A California judge has ruled in favor of a Christian baker who faced discrimination charges after she refused to bake a cake for a same-sex couple.
Kern County Judge David Lampe ruled on Monday that the state could not force Tastries Bakery owner Cathy Miller to bake a cake that would go directly against her beliefs, noting that the "right to free speech under the First Amendment outweighs the state's interest in ensuring a freely accessible marketplace."
California's Department of Fair Housing and Employment sued Miller in August after she refused to bake a cake for lesbian couple Eileen and Mireya Rodriguez-Del Rio because of her religious beliefs about marriage.
Miller had been accused of violating California's Unruh Civil Rights Act, which prohibits businesses from denying service based on race, sexual orientation and other indicators.
The department also filed a petition for a restraining order against Miller and her bakery to force the shop to make same-sex wedding cakes or stop making wedding cakes altogether if she still refuses.

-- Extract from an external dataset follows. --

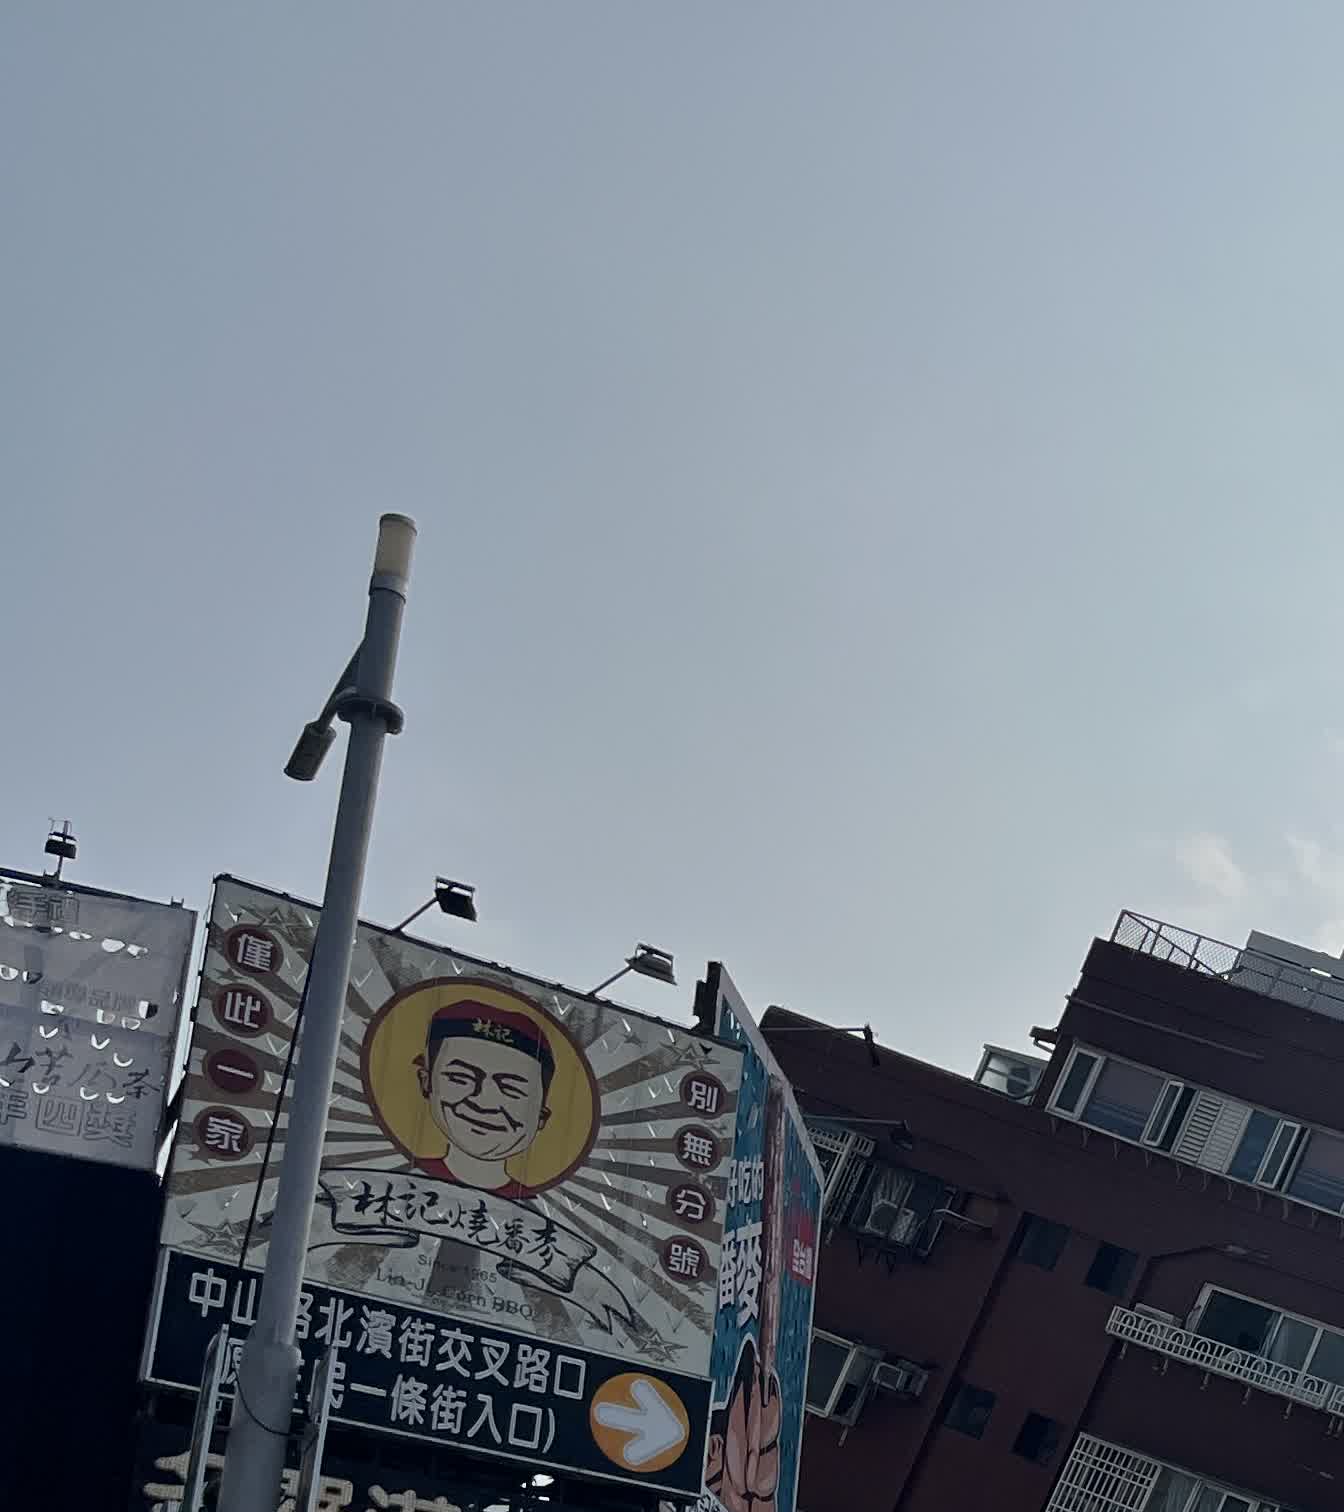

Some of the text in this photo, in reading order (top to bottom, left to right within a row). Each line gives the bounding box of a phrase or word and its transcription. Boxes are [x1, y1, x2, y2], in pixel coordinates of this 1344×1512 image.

Lampe stated that an order from the state to compel someone to violate their religious beliefs would be the "stuff of tyranny."
"For this court to force such compliance would do violence to the essentials of Free Speech guaranteed under the First Amendment," Lampe said in his eight-page ruling, according to Kern Golden Empire.

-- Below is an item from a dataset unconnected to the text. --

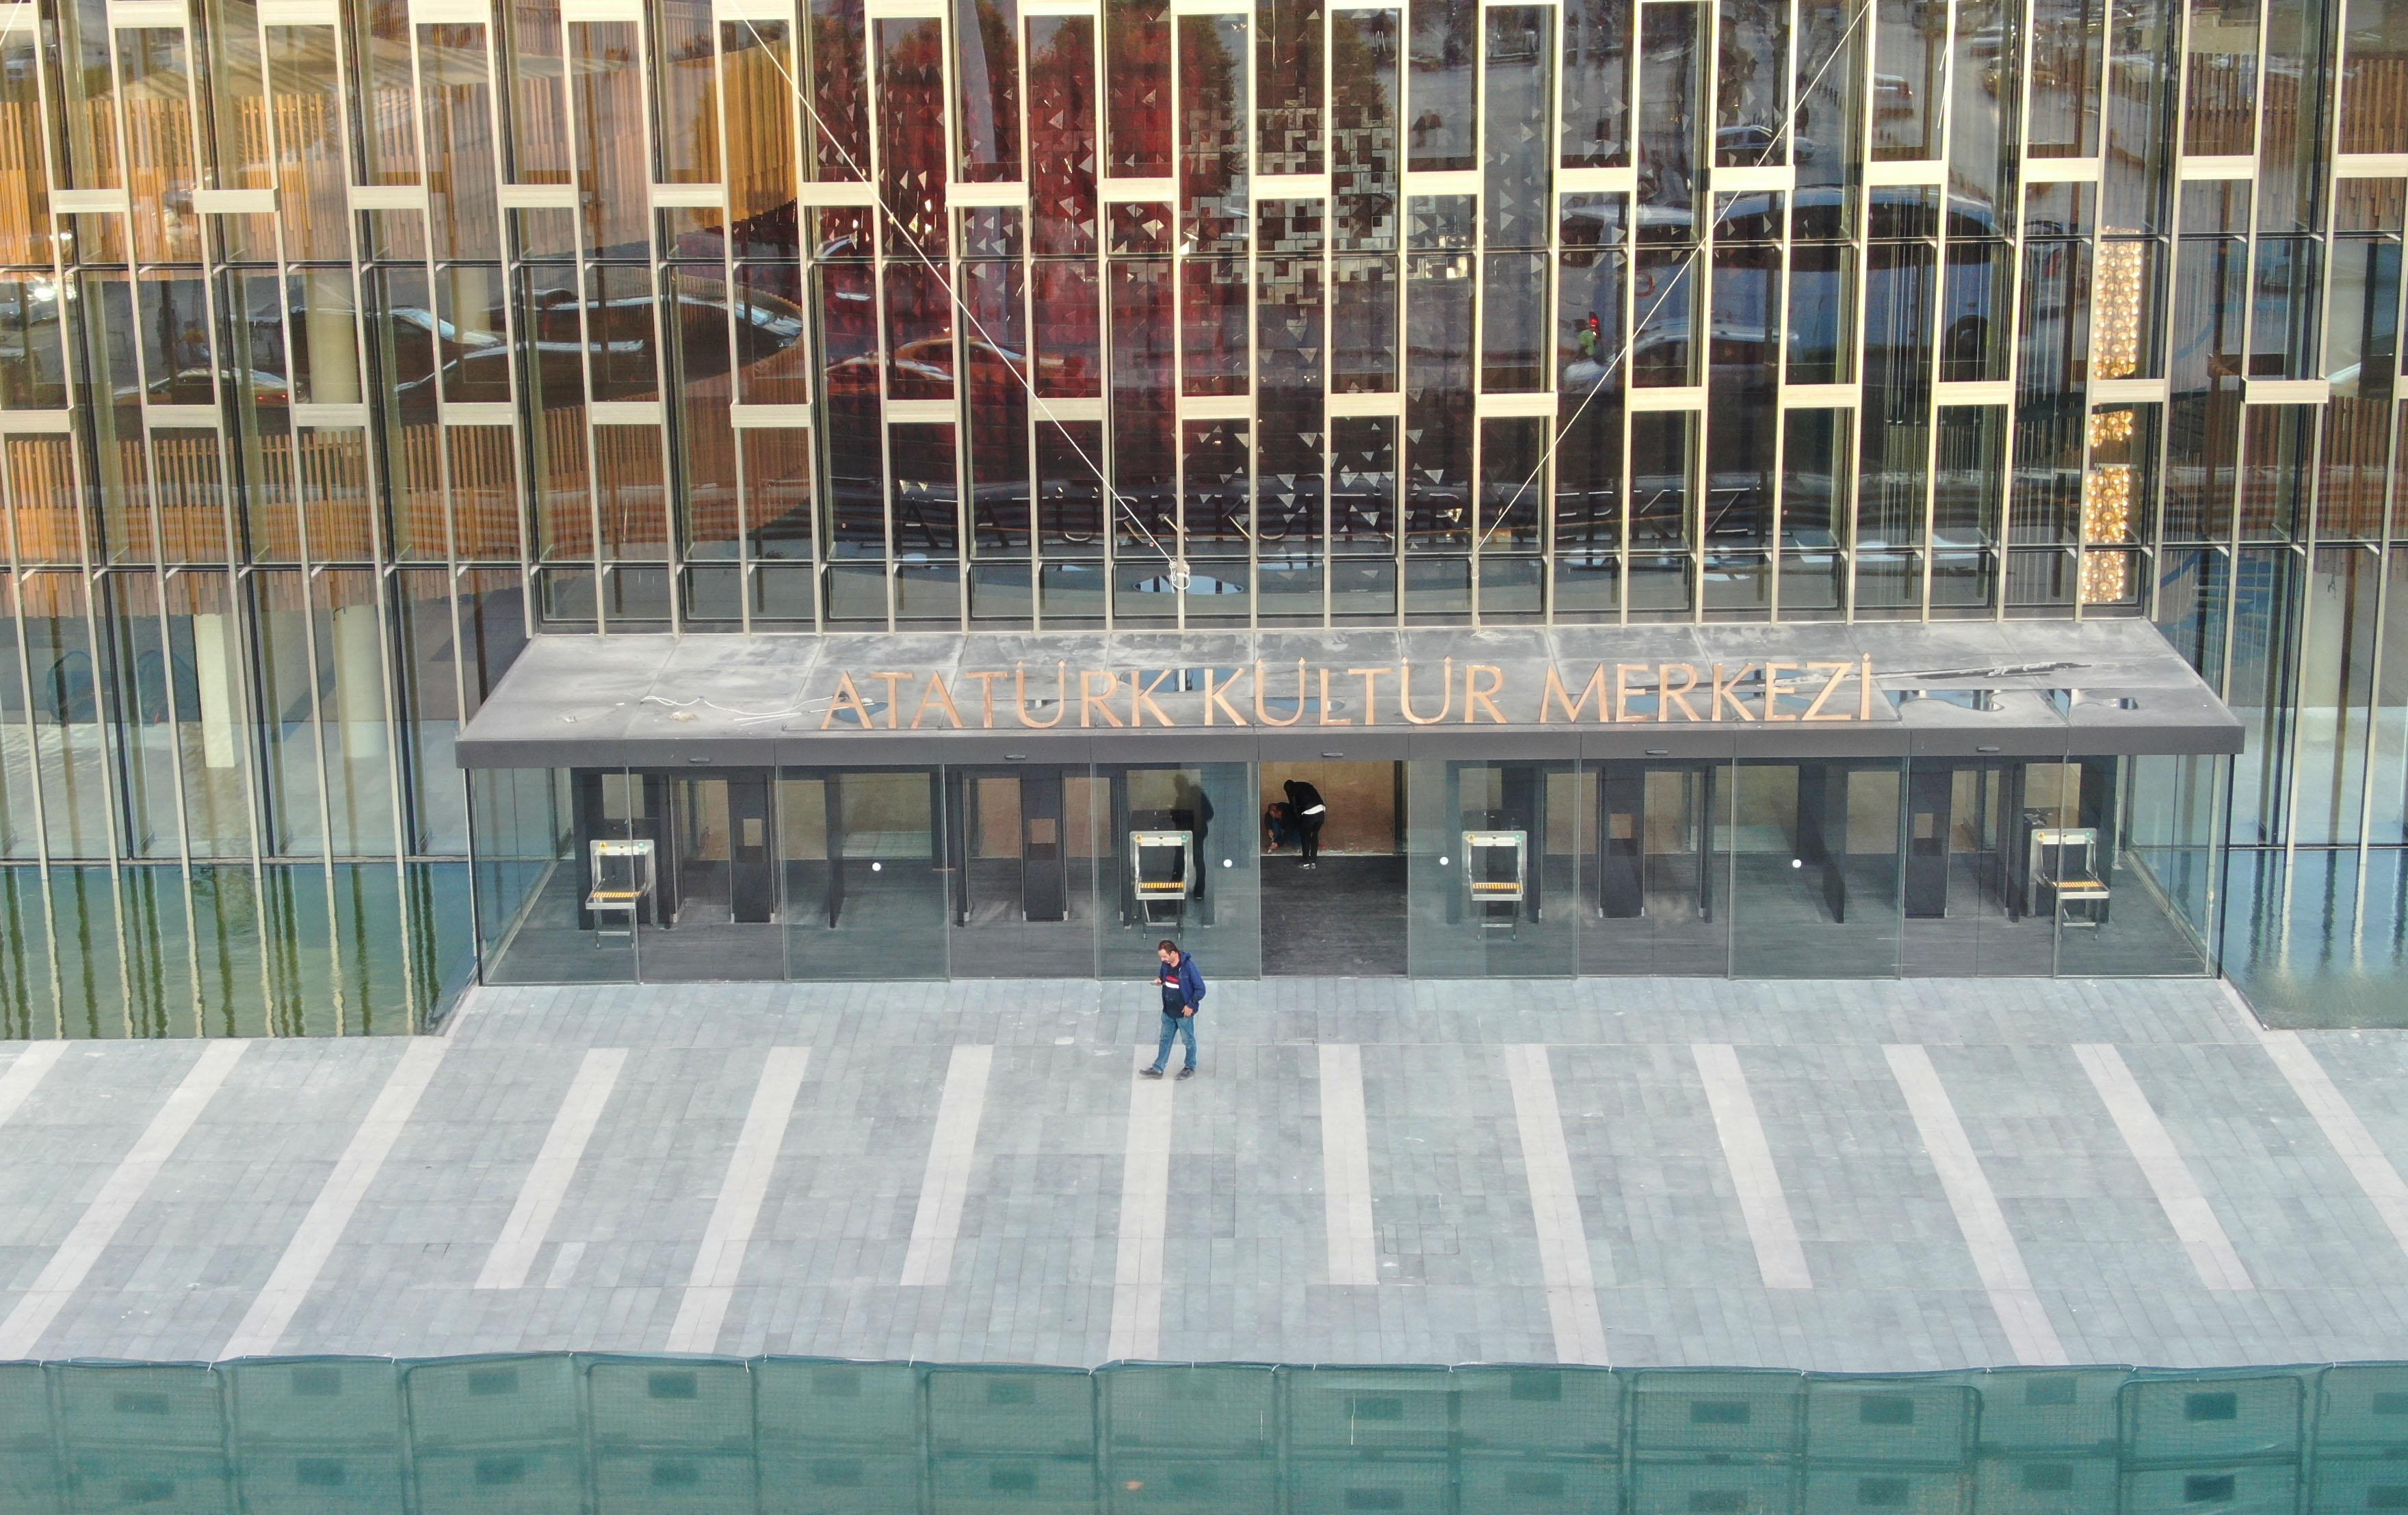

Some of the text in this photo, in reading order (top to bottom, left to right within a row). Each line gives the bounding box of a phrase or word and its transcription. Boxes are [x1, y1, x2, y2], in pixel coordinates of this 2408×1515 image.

[821, 652, 1872, 729] ATATÜRK KÜLTÜR MERKEZİ

The judge noted that one of the factors in the case was that the couple had requested a cake that had not already been baked and was not on sale. He said that if Miller had refused to sell the couple a cake that was on display, she would have been guilty of discrimination.
Lampe's ruling would stop an injunction that would have prevented Miller from refusing to serve same-sex couples during the case.
Miller, who was represented by the Freedom of Conscience Defense Fund, said that she was surprised by how quickly the ruling was issued following arguments presented in court on Friday.
"When our attorney called this evening we were shocked. Of course we had hope that it would come in our favor, but we knew the Lord was in control of this and we did what we were called to do," she said.
"Our bakery and our family feel very blessed that the judge ruled in our favor. Not to say that we want to be discriminatory, but we do need to stand up for our religious freedom and for our freedom of speech," she added.
In June, the Supreme Court is expected to issue a ruling in the Masterpiece Cakeshop, Ltd v. Colorado Civil Rights Commission, a case that bears similarities with the lawsuit against Miller.